On Tue, Jan 12, 2021 at 8:21 PM Brian C. Lane <bcl(a)redhat.com> wrote:
On Tue, Jan 05, 2021 at 01:05:01PM -0500, Ben Cotton wrote:
>
https://fedoraproject.org/wiki/Changes/Signed_RPM_Contents
>
> Note that this change was submitted after the deadline, but since it can be
> shipped in an complete state, I am still processing it for Fedora 34.
>
>
> == Summary ==
> We want to add signatures to individual files that are part of shipped RPMs.
> These signatures will use the Linux IMA (Integrity Measurement
> Architecture) scheme, which means they can be used to enforce runtime
> policies to ensure execution of only trusted files.

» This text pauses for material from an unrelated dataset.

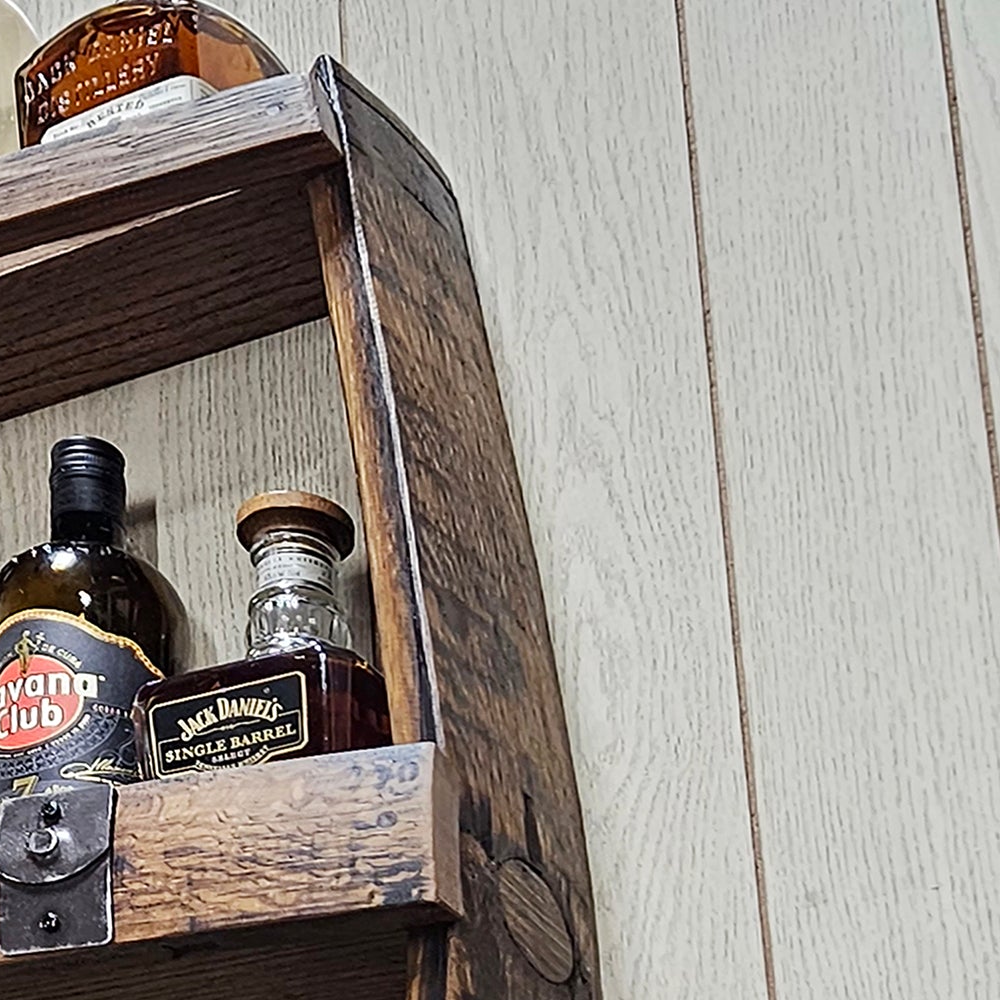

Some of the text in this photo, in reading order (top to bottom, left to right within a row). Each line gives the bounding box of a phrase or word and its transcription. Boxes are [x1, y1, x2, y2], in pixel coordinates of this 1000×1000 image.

[177, 696, 284, 742] JACK DANIEL'S
[165, 722, 297, 764] SINGLE BARREL

Who is going to use this feature? My guess is a very limited set of
users, so it seems unfair to dramatically increase the size of their
downloads and install footprint to support something they don't use.
Can't they be shipped on the side? An rpm of signatures that's
optionally installed would be more user friendly.
Also, I (being unfamiliar with IMA), don't see how this is any better
than trusting the file hash signed by the fedora keys that we currently
have.
I wasn't aware the current rpm has functionality integrated with
kernel/tpm and other functionality to do it at runtime access of the
files, I thought it was more an audit style use case such as rpm -V to
see if something had changed. IMA is more about being able to check at
runtime and setting policies of what to do if something has changed.